Isaiah 14 starts with the fall of the King of Babylon, then verses 12-21 that deal with Lucifer and the back to the rest of the destruction of Babylon, Assyria and Phillistia being destroyed because this was the wrathful God.  The problem with reading Lucifer as Satan as Devil into these passages is that the author of Isaiah is taunting the enemies of the Tribes of Israel.  First he is taunting the downfall of Babylon, then a swift change to Lucifer, then back to Babylon.  This is only in the King James Version and the New King James.  It doesn't read well as a sudden history of Lucifer, but it is a nice taunt of the same King of Babylon.

The role of Satan as the God's tempter seems to be deserved.  In the book of Job God 's sons (Job 1:6) assemble and Satan also.  There is no mention of the fall of Satan or any rebellion.  Satan is God's servant.  He tempts Job per God's direction.  We have to go all the way to the New Testament for the next mention of Satan, Matthew 12:26 when Jesus casts out demons and annoys the Pharisees and of course the temptation of Christ which is in all of Gospels save that of John.  Satan, again, is God's tempter. Satan as the servant of God?  There is lots of evidence for that scenario.
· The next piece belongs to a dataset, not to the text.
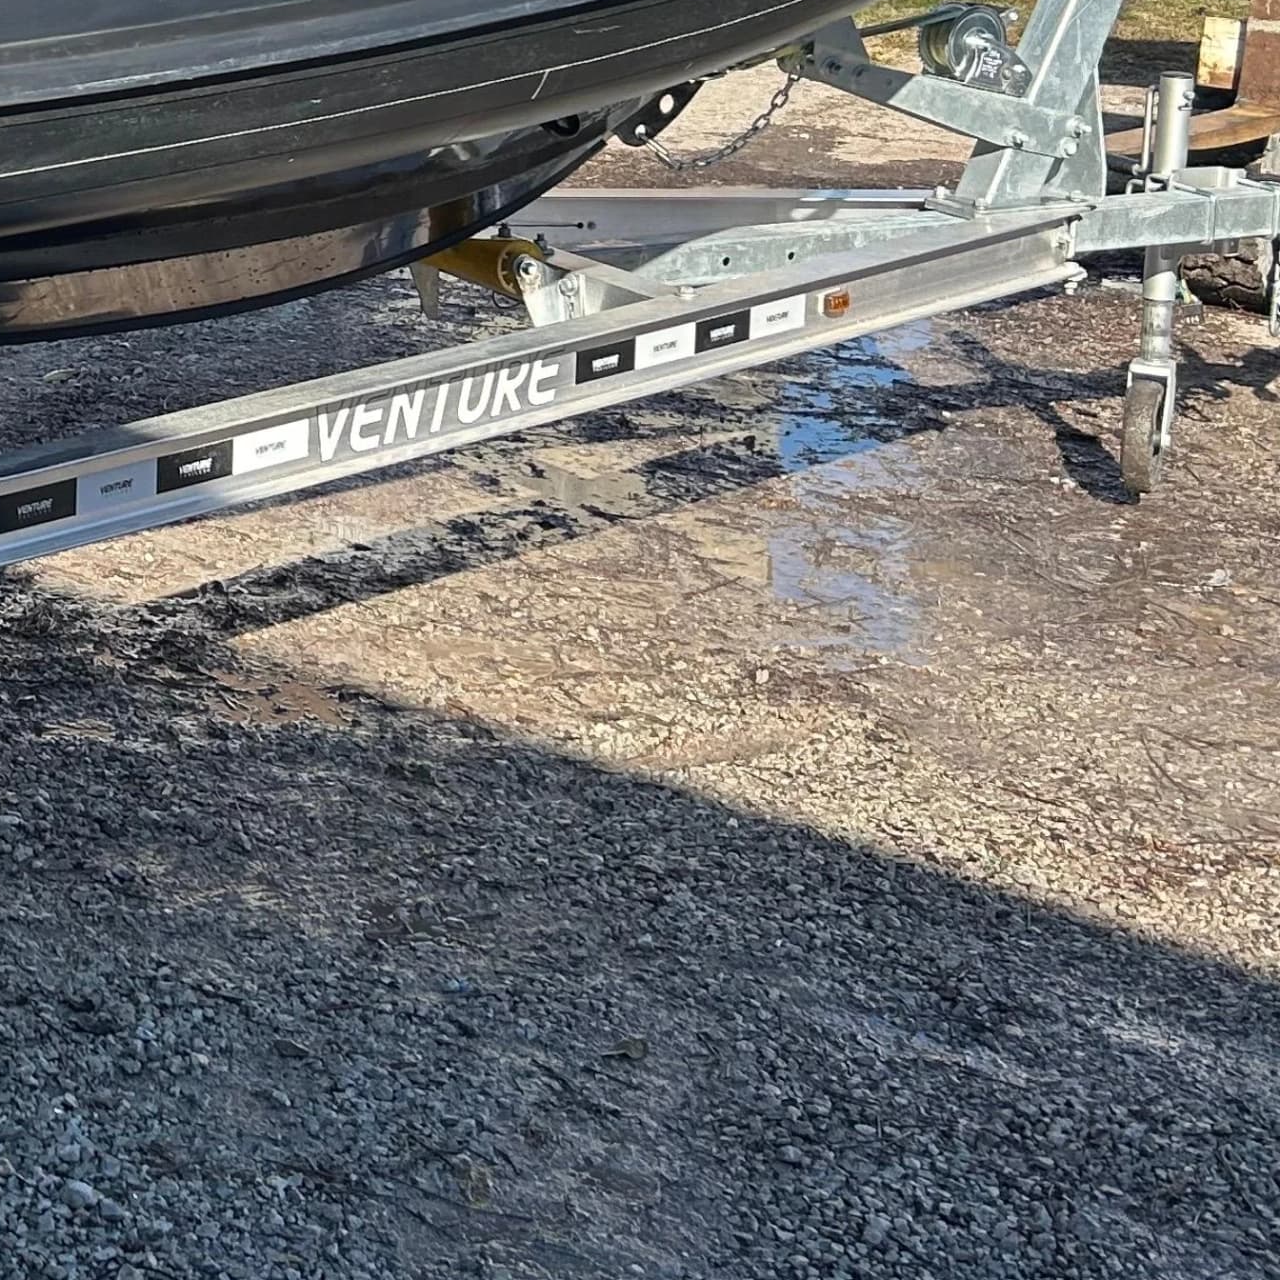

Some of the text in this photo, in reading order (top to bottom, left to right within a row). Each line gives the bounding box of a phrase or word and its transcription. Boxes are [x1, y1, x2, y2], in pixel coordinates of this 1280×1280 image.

[318, 360, 559, 462] VENTURE
[256, 440, 287, 456] VENTURE
[100, 478, 134, 495] VENTURE
[17, 498, 54, 516] VENTURE
And lastly, as it should be, Revelations.  This is where Jesus gives a prophecy of things to come through the Apostle John.  Things to come.  Prophecy.  Revelations 12:9 does, indeed, describe the battle in heaven but it is a thing to come and to be rejoiced over.  It does name Satan as "that serpent of old" which could be revisionist or it could just be Satan in his normal role as God's tempter, his old left-hand-man.  And in 20:1 Satan is bound for a thousand years.  This is a prophecy.

So I am left without a justification for a heavenly battle between the forces of good and the forces of evil.  If all was the void and in the beginning was the word, who created evil?  Who created Satan?   Was Satan's job, all along, to tempt human beings and then report back to God on if they passed the test.  If we humans were not supposed to have free will, why put the tree and the serpent in the garden to begin with.  Why not just stick with the void and save a whole lot of trouble.

Be careful if you trot out the notion of a dualistic deity.  That one will get you burned to a crisp.